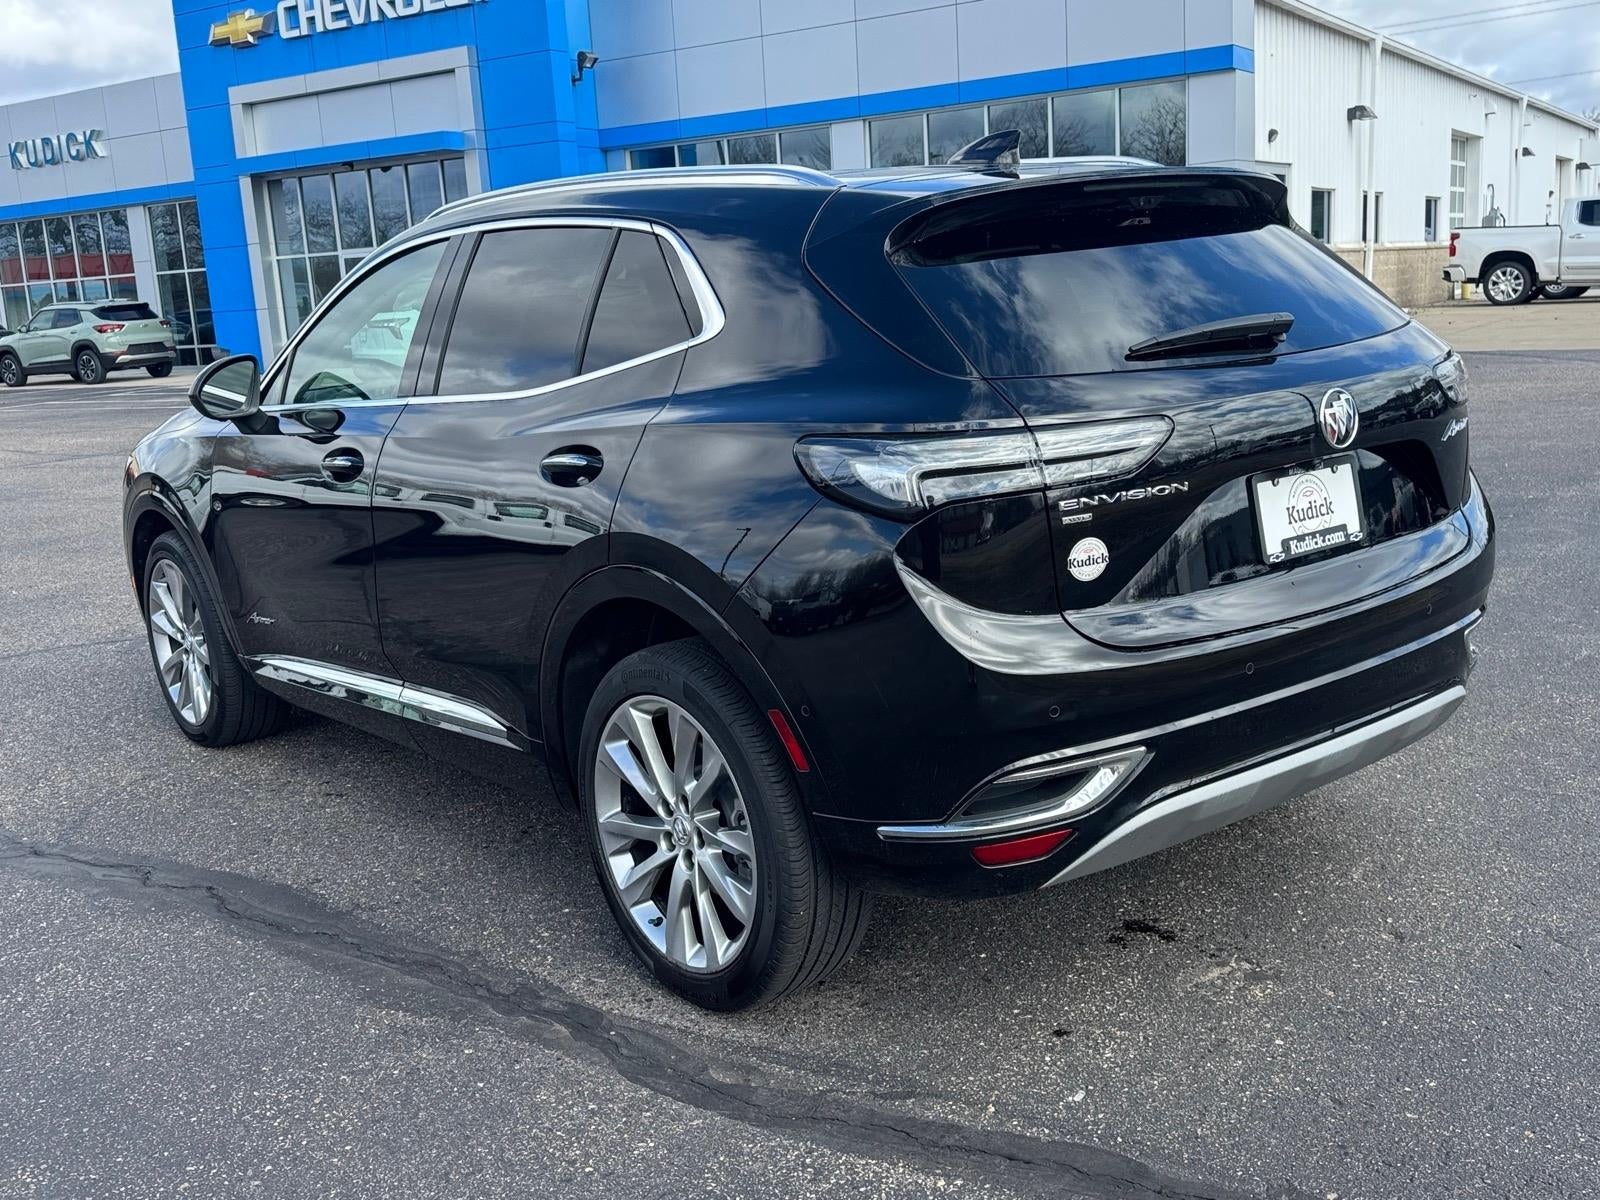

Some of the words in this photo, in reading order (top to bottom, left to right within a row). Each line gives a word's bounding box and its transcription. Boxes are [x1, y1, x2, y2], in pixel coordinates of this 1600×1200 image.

[277, 0, 489, 39] CHEVR
[8, 129, 105, 170] KUDICK
[1058, 481, 1189, 511] ENVISION
[1286, 497, 1334, 525] Kudick
[1289, 531, 1345, 554] Kudick.com
[1069, 553, 1108, 569] Kudick

#### YOUR INSTRUCTIONS
Reprint the whole listing above exactly, taking out the pictures.

#### OUTPUT FOR THIS EXERCISE
Some of the words in this photo, in reading order (top to bottom, left to right within a row). Each line gives a word's bounding box and its transcription. Boxes are [x1, y1, x2, y2], in pixel coordinates of this 1600×1200 image.

[277, 0, 489, 39] CHEVR
[8, 129, 105, 170] KUDICK
[1058, 481, 1189, 511] ENVISION
[1286, 497, 1334, 525] Kudick
[1289, 531, 1345, 554] Kudick.com
[1069, 553, 1108, 569] Kudick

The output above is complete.